*Prompt*: Only the last stretch of the records is wanted: restate word for word the line with "this 1280×997 image." and every line after it.

Stored data entries
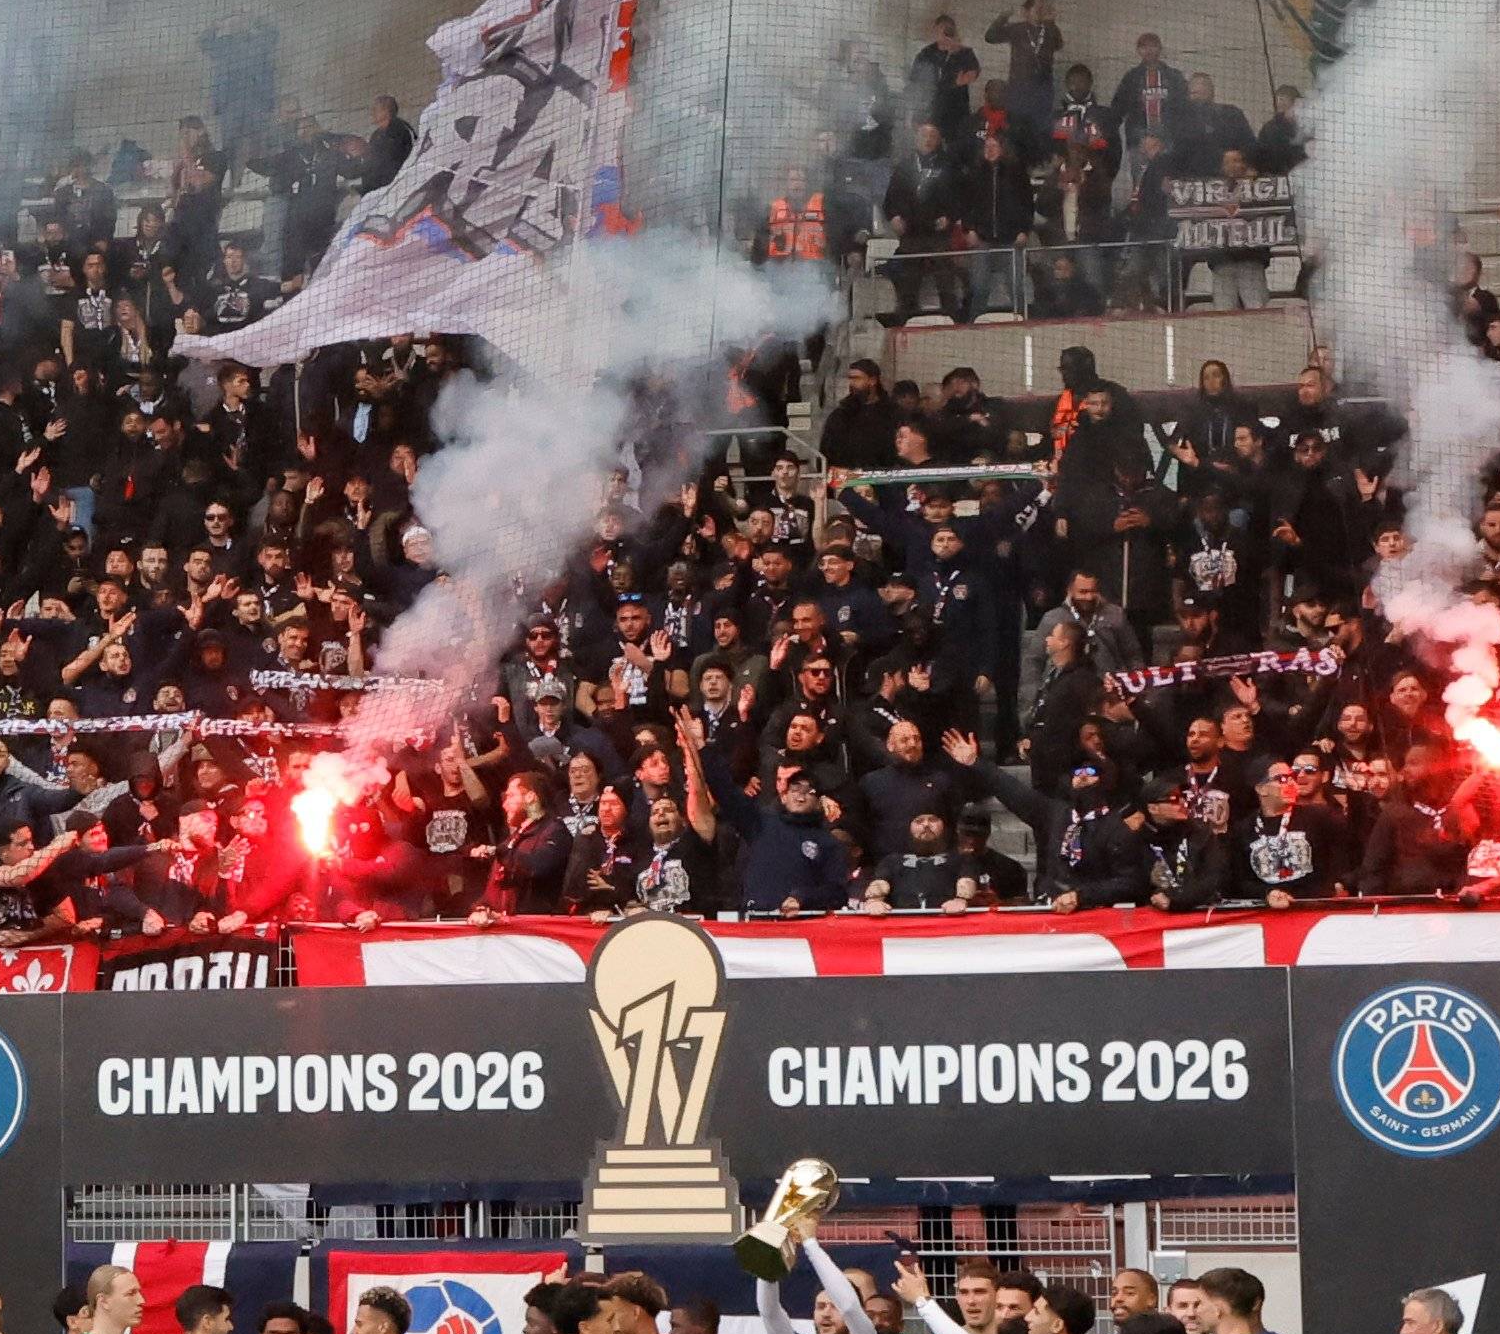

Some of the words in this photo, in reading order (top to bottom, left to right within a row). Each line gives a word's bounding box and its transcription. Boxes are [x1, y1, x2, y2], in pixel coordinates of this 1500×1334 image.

[1251, 647, 1338, 676] RAS
[1364, 994, 1477, 1034] PARIS
[98, 1052, 398, 1117] CHAMPIONS
[408, 1050, 545, 1113] 2026
[768, 1042, 1090, 1108] CHAMPIONS
[1101, 1038, 1250, 1102] 2026
[1368, 1105, 1410, 1134] SAINT
[1420, 1104, 1481, 1138] GERMAIN
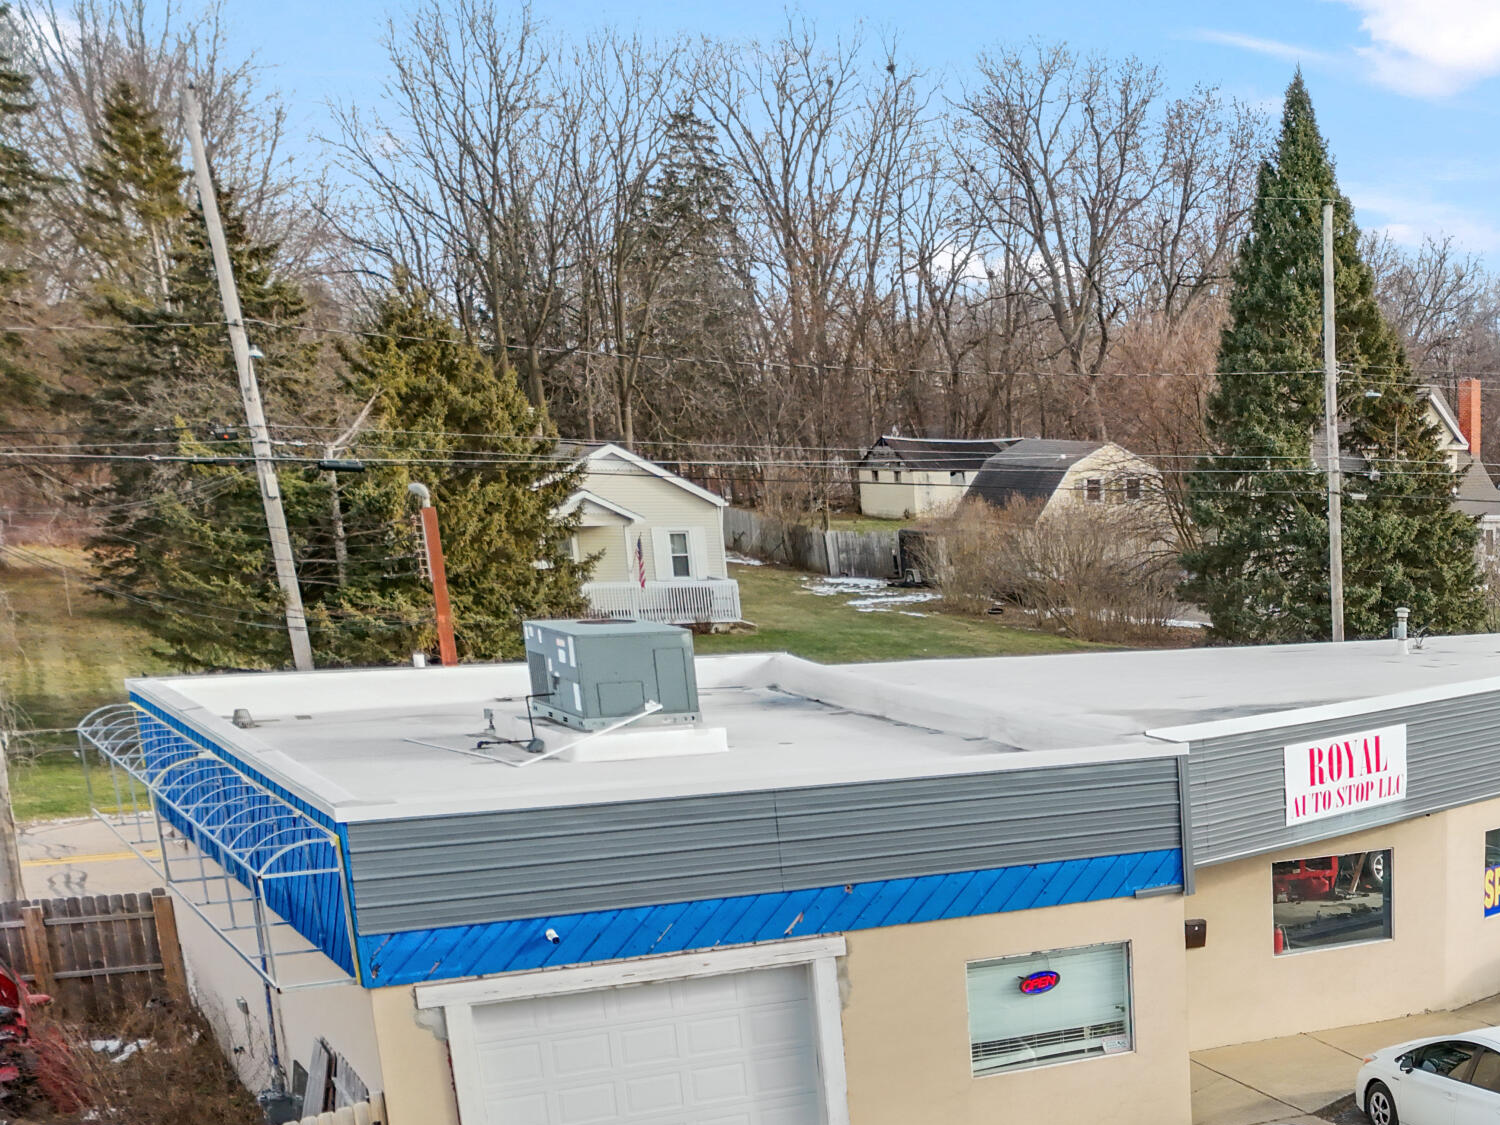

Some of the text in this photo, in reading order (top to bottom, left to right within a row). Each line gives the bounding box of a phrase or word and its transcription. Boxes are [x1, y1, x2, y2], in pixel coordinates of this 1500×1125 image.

[1308, 735, 1388, 787] ROYAL
[1291, 773, 1405, 819] AUTO STOP LLC
[1021, 974, 1057, 993] OPEN
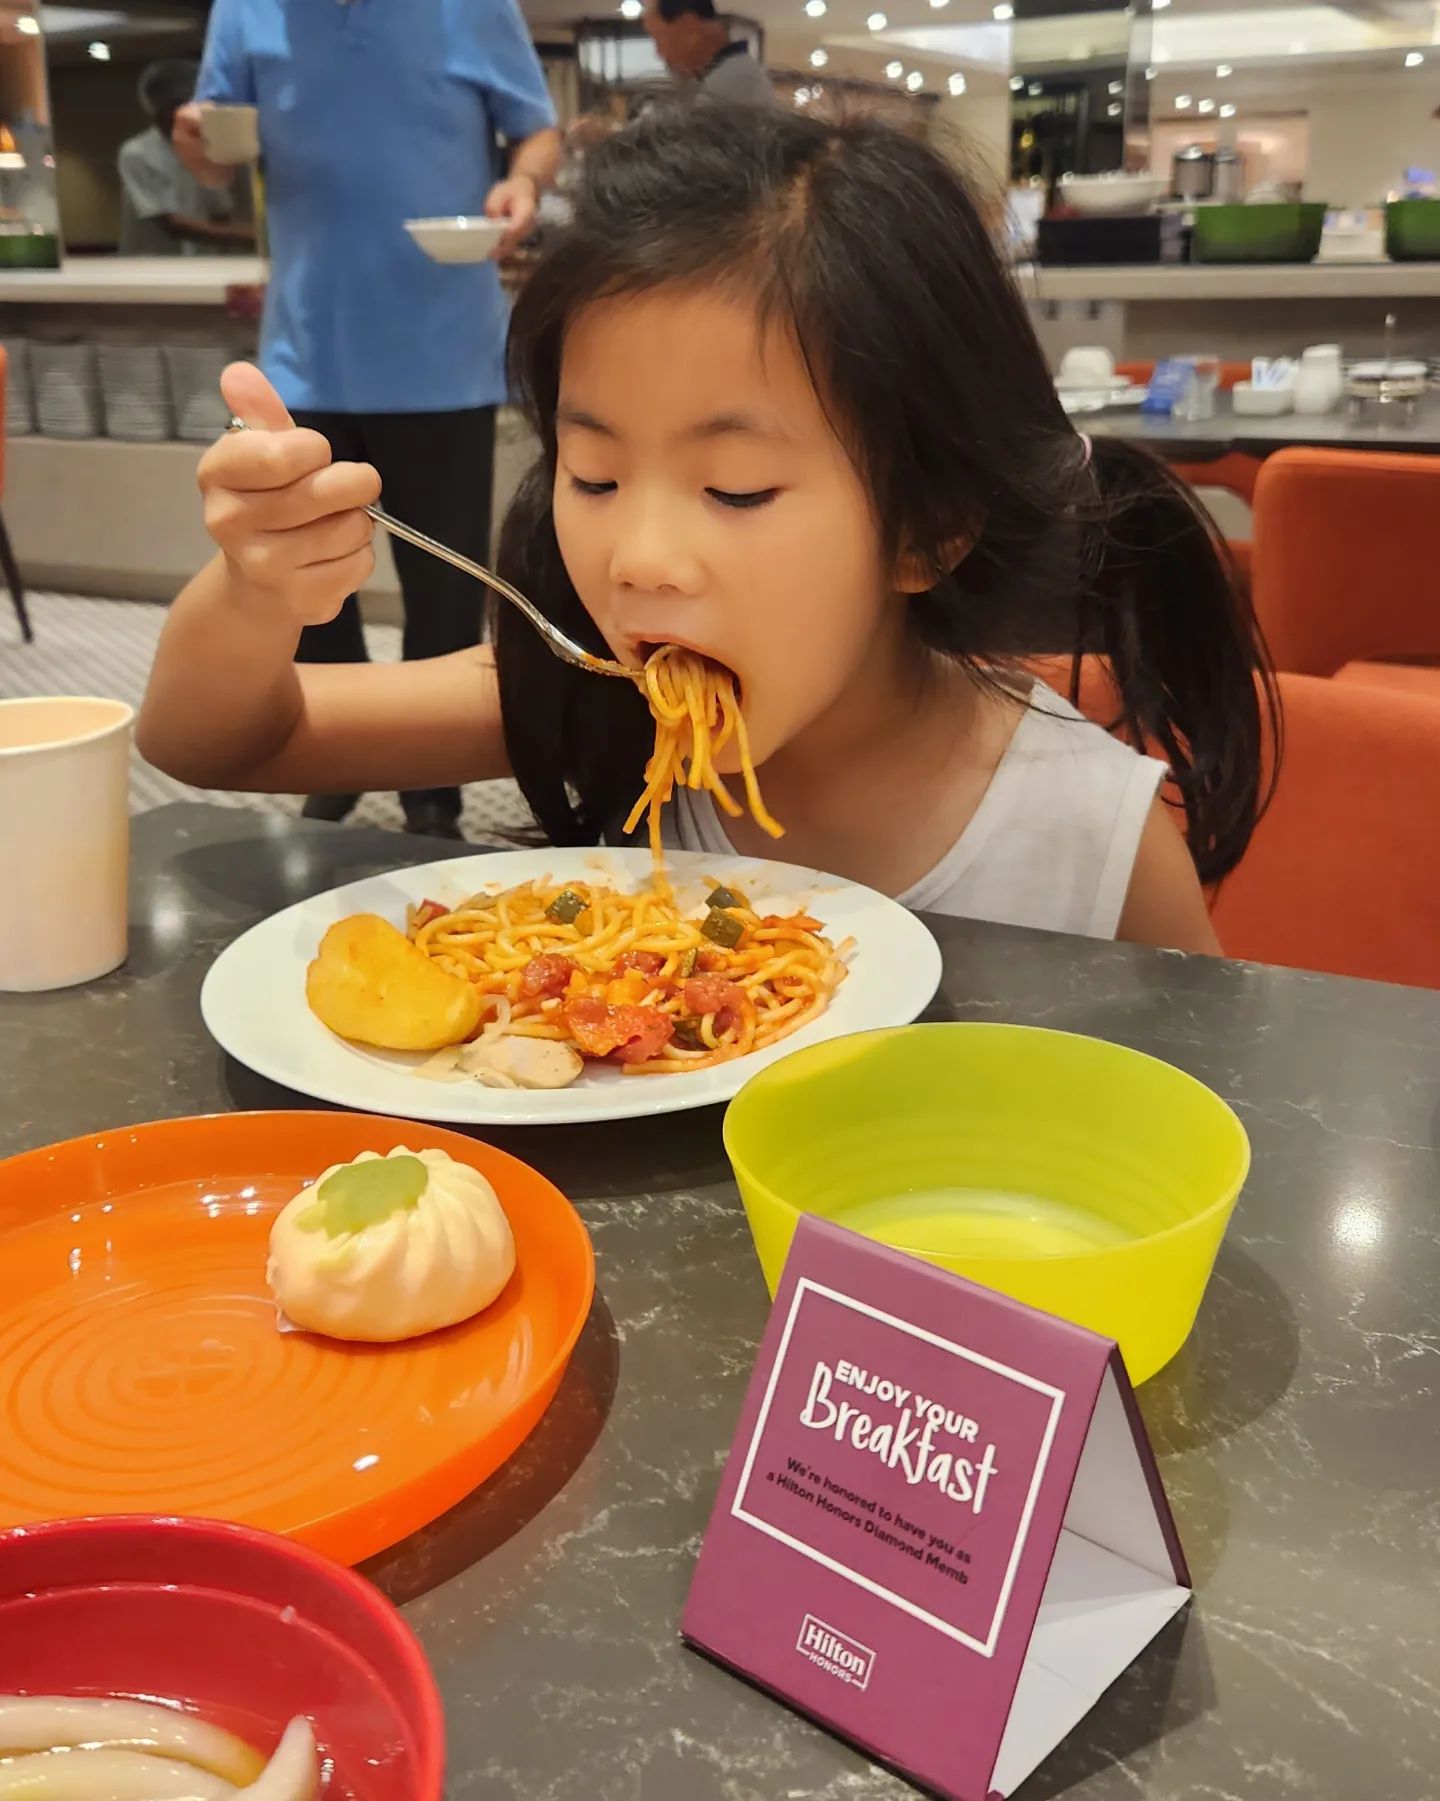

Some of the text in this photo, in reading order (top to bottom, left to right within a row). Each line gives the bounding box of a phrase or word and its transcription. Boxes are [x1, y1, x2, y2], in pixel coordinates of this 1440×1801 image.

[799, 1361, 999, 1514] Breakfast
[834, 1359, 979, 1443] ENJOY YOUR
[766, 1471, 775, 1482] a
[776, 1473, 815, 1502] Hilton
[816, 1493, 862, 1528] Honors
[863, 1519, 924, 1561] Diamond
[787, 1457, 972, 1564] We're honored to have you as
[803, 1623, 867, 1676] Hilton
[808, 1651, 853, 1683] HONORS
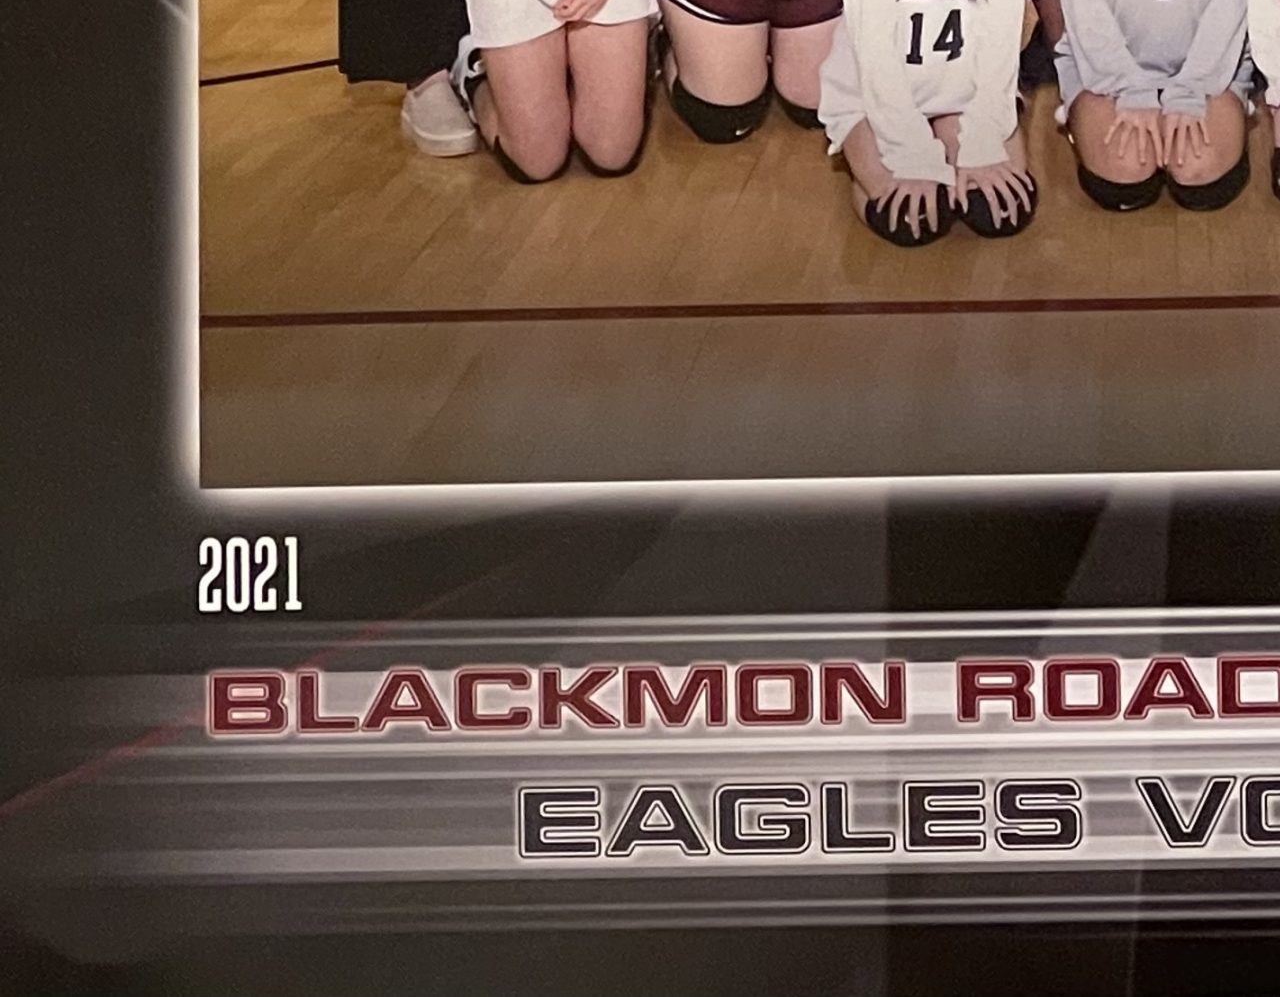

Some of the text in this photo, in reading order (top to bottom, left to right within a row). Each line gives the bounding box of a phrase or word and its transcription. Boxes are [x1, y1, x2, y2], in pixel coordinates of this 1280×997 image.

[905, 8, 964, 65] 14
[198, 536, 303, 613] 2021
[209, 662, 907, 734] BLACKMON
[517, 778, 1083, 859] EAGLES

*Response*:
Some of the text in this photo, in reading order (top to bottom, left to right within a row). Each line gives the bounding box of a phrase or word and its transcription. Boxes are [x1, y1, x2, y2], in pixel coordinates of this 1280×997 image.

[905, 8, 964, 65] 14
[198, 536, 303, 613] 2021
[209, 662, 907, 734] BLACKMON
[517, 778, 1083, 859] EAGLES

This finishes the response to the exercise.